What's Safe to Drink?

You're always smart to play it safe. In developed countries, tap water should be fine.

Better hotels in lesser-developed areas also may filter and chlorinate their tap water to make it safe. Before you use water from the faucet, find out if the hotel has a water purification system. When you're not sure, don't drink or brush your teeth with tap water. Instead, use commercially bottled or canned water with the seal or cap intact. Keep a bottle or can of water in your carry-on bag.

Soft drinks, canned or bottled juices, beer, and wine are safe to drink. Coffee, tea, and other hot beverages are usually safe because the long heating time destroys most and perhaps all of the bacteria, viruses, and parasites that might be present in the water. You also can boil or chemically treat water you drink. The Centers for Disease Control also advise you to dry any wet cans or bottles before opening them, then wiping clean any surfaces where your mouth contacts the can or bottle. For guidelines on treating water to make it safe for drinking, see "SafeEnough to Drink" in chapter 8.
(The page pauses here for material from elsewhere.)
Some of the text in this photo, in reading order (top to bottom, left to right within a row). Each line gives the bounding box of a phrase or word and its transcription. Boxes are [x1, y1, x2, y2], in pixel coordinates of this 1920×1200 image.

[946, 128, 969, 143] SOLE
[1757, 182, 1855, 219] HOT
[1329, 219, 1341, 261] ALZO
In less-developed areas, avoid beverages made with water or ice cubes—unless you know that commercially bottled water was used. Also avoid bottled water served to you without an intact seal or cap; it may have been refilled with local tap water. Be cautious of locally bottled water because the standards may not be high for bottling. Even crystal-clear water in wilderness areas anywhere, including the United States and Canada, should be treated before drinking it.

If You Do Get Sick...

  • For most cases of travelers' diarrhea, dehydration is the biggest concern. If it strikes you, increase your fluid intake—with plenty of safe water, canned juice, and soup. Canned soft drinks (preferably without caffeine) are okay, too.
  • If the problem persists (more than three or four days) or if your symptoms are severe, seek qualified medical care. Your hotel or tour guide should be able to suggest a physician.
  • Prepare before you travel; talk with your physician at home, and take any precautionary medication recommended. For more about dealing with diarrhea, see "Gastrointestinal Conditions" in chapter 22.